RAM is expensive now. Reasonably priced seems to be counter to that fact.

The whole article feels like a promo-tour.

> The catch is that nobody handed us the tools to keep the place running.

Software such as homebrew exists. Why is the article ignoring this? Not only does it feel like promo, it now feels like propaganda. Homebrew is also just one example; LFS/BLFS also exists for embedded linux. Perhaps the quality is less than for desktop computer systems but it exists.

> Edge devices have started behaving like cloud systems. They run increasingly complex stacks, are frequently updated, and are managed remotely over their entire life.

Companies want to become dependent on others? Because that is what cloud is all about. Top-down control. A mafia for later blackmail rack-up-the-price strategies.
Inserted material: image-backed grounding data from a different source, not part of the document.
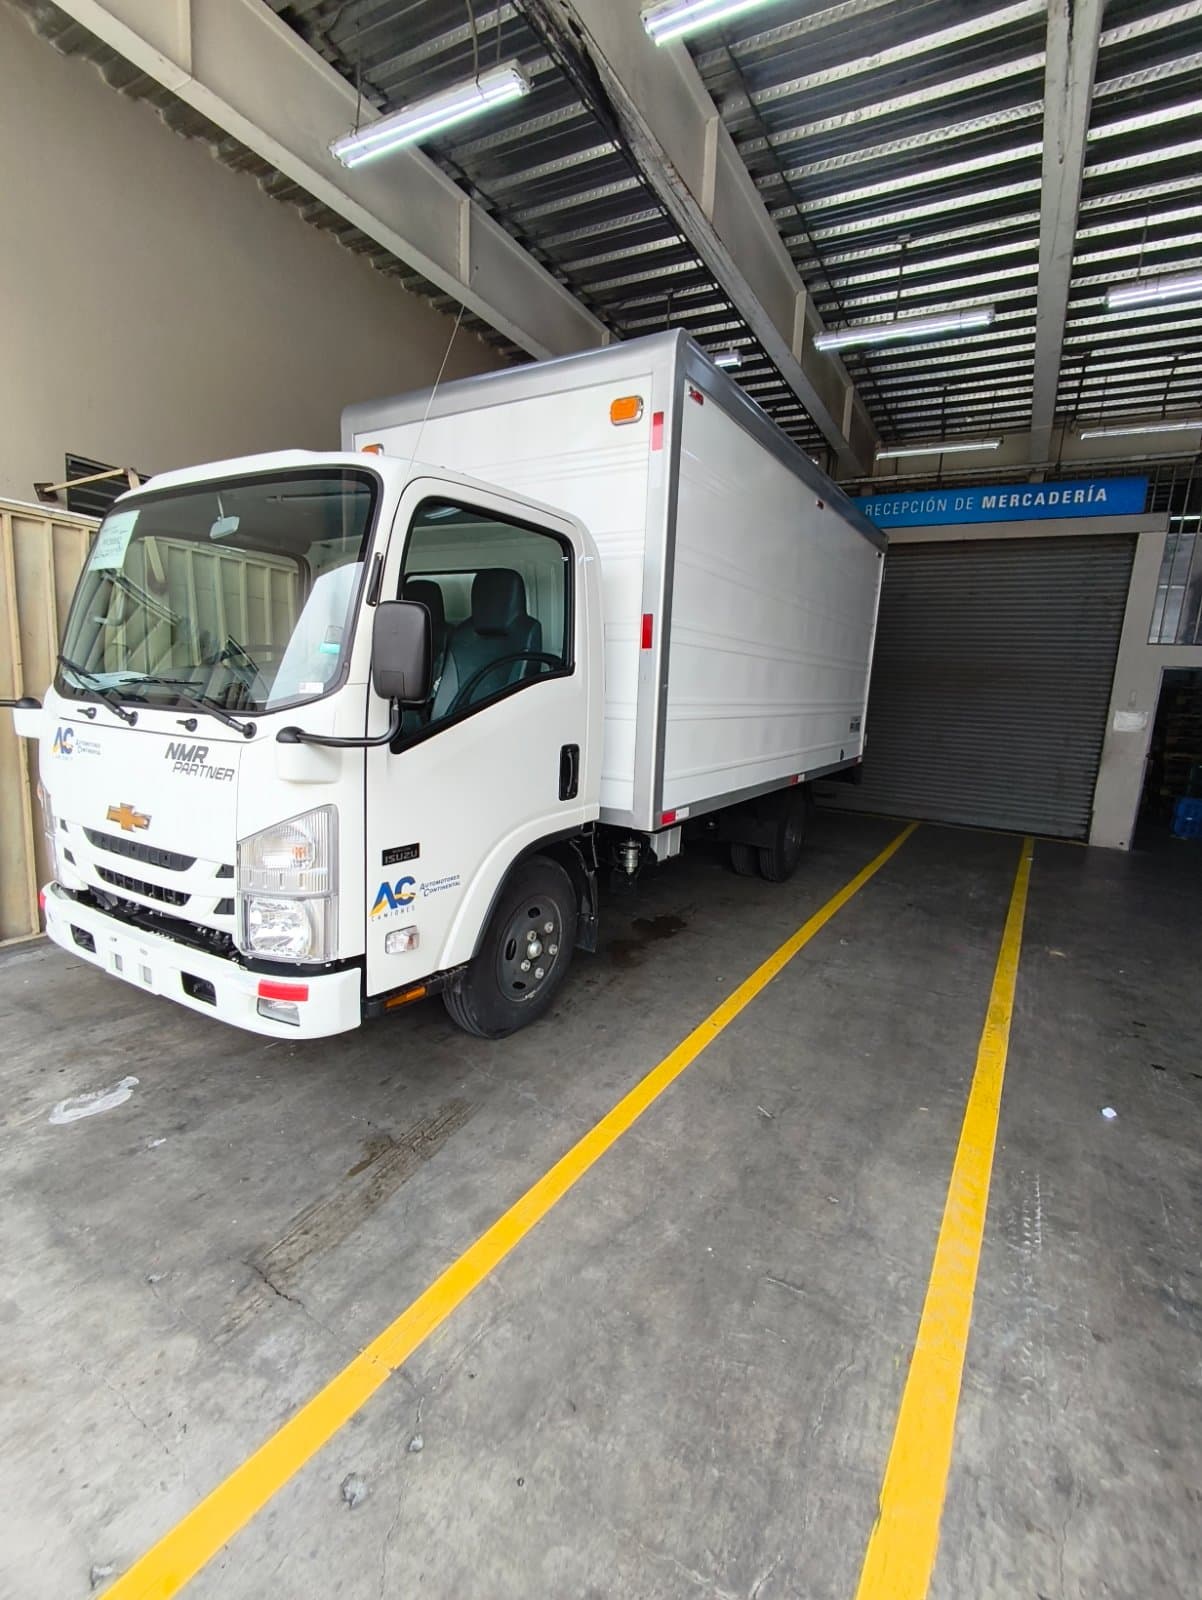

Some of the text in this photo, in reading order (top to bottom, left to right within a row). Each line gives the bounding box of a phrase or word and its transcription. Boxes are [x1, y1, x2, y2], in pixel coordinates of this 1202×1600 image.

[865, 485, 1108, 517] RECEPCIÓN DE MERCADERÍA
[165, 742, 209, 764] NMR
[172, 762, 235, 782] PARTNER
[385, 850, 418, 864] ISUZU
[369, 876, 417, 917] AC
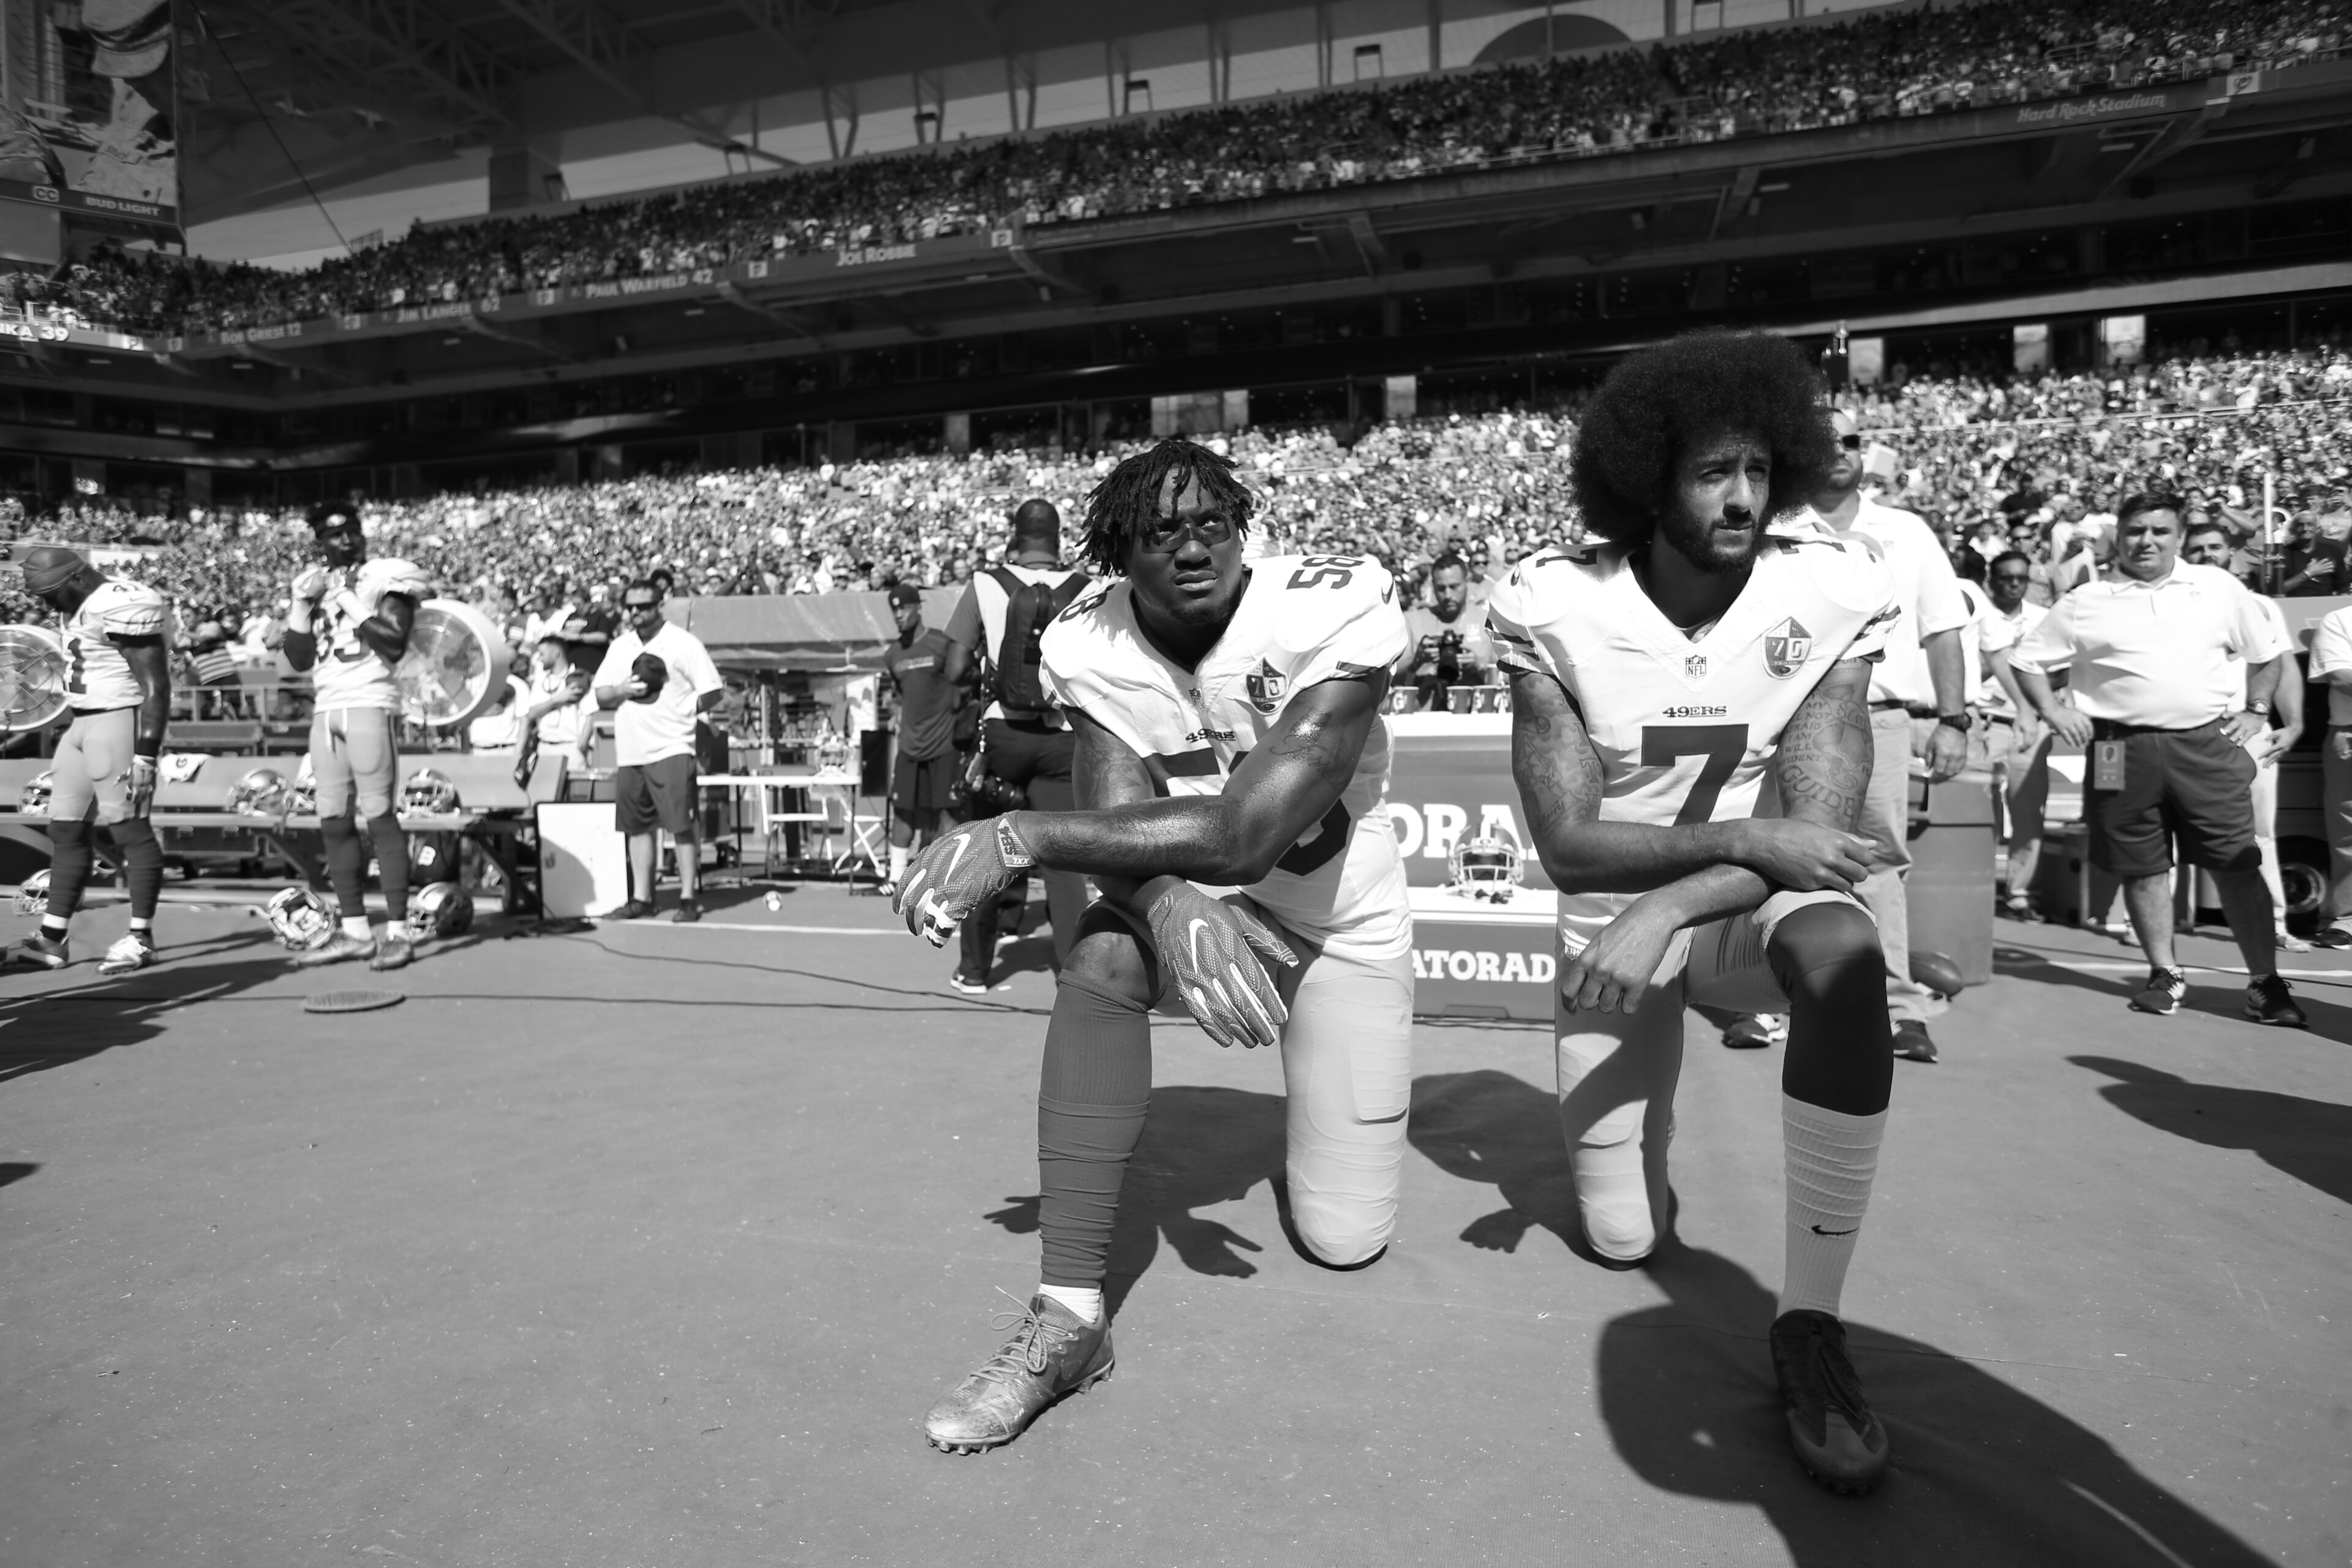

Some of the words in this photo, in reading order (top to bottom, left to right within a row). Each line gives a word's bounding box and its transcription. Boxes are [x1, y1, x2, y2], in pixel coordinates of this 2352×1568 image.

> That puts the cross-compile burden squarely on embedded developers, and maintaining recipes for thousands of packages has been a steady drain on the Yocto community

Seems untrue. If you have a compiler that works, you can compile. Thousands of packages? I am tracking 3888 right now. That covers really most software by far, including python pypi addons. If a single person can do that, a team has an even easier time. The whole article seems to narrate a story that is just made up.

> Building everything from source in Yocto means long builds, heavy memory use, and powerful workstations.

No it does not. I do so every day. You need a reasonably fast computer and RAM, which is now driven up by the existing hardware mafia that must be put in jail, but it is easily possible for solo persons too. Now imagine a team.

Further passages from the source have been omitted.